The footage was retweeted more than 20,000 times here before Twitter labeled it with a warning, and it also spread on a "Stop The Steal" Facebook group. The group, with more than 40,000 members, was created on November 5 -- the same day Facebook shut down a days-old group of the same name for trying to delegitimize the election process.
Pennsylvania is a battleground state that could decide the presidency, and where the vote tally of Democratic challenger Joe Biden on November 6 passed that of Trump. That outcome left Biden on the brink of victory.
The Democrat's gains did not come with the help of fraud as purported in the online video, which is taken from an official Delaware County livestream, according to a statement AFP received from the public relations office of the county on the edge of Philadelphia.
The "manipulated video" is zoomed in to exclude "the bipartisan observers who were not more than six feet away and does not give the full picture of the process," the statement said.
Those observers can be seen in a screenshot released by the county.

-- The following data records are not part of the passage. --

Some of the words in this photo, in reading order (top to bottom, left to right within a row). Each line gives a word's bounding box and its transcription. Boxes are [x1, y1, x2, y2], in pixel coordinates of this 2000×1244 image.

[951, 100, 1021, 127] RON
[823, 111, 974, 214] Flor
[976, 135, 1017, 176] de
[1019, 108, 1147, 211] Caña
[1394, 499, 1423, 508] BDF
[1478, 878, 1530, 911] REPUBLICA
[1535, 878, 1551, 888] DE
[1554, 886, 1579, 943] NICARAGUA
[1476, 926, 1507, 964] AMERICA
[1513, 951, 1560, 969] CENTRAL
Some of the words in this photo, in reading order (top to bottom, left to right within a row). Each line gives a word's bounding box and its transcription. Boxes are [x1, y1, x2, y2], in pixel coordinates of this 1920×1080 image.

The election workers were manually transcribing ballots damaged by a machine used to open them, the county statement said.
The damage meant those ballots could not be scanned successfully but, according to the scanner manufacturer, the best way to deal with them "is to transcribe the votes on each ballot to a clean ballot and scan the clean ballot," it added.
"As ballots were being transcribed, the original damaged ballots were directly beside the new ballots and bipartisan observers witnessed the process at close range. Damaged ballots have been preserved," it said.
The county's election results livestream uses 11 cameras, all of which have a wide-angle view.
Patrick Christmas, policy director of the non-partisan Committee of Seventy which has monitored elections in Pennsylvania for more than a century, said by email that the video shows a process known as "ballot recreation, done in teams of two and documented so that the duplicated ballot can be traced back to the original."
Michael Hagen, an associate professor of political science at Temple University in Philadelphia, said by email that the counting of ballots "involves Democrats and Republicans working together, with the intent of each monitoring the other."
Details of the ballot processing in Pennsylvania can be seen in a video here.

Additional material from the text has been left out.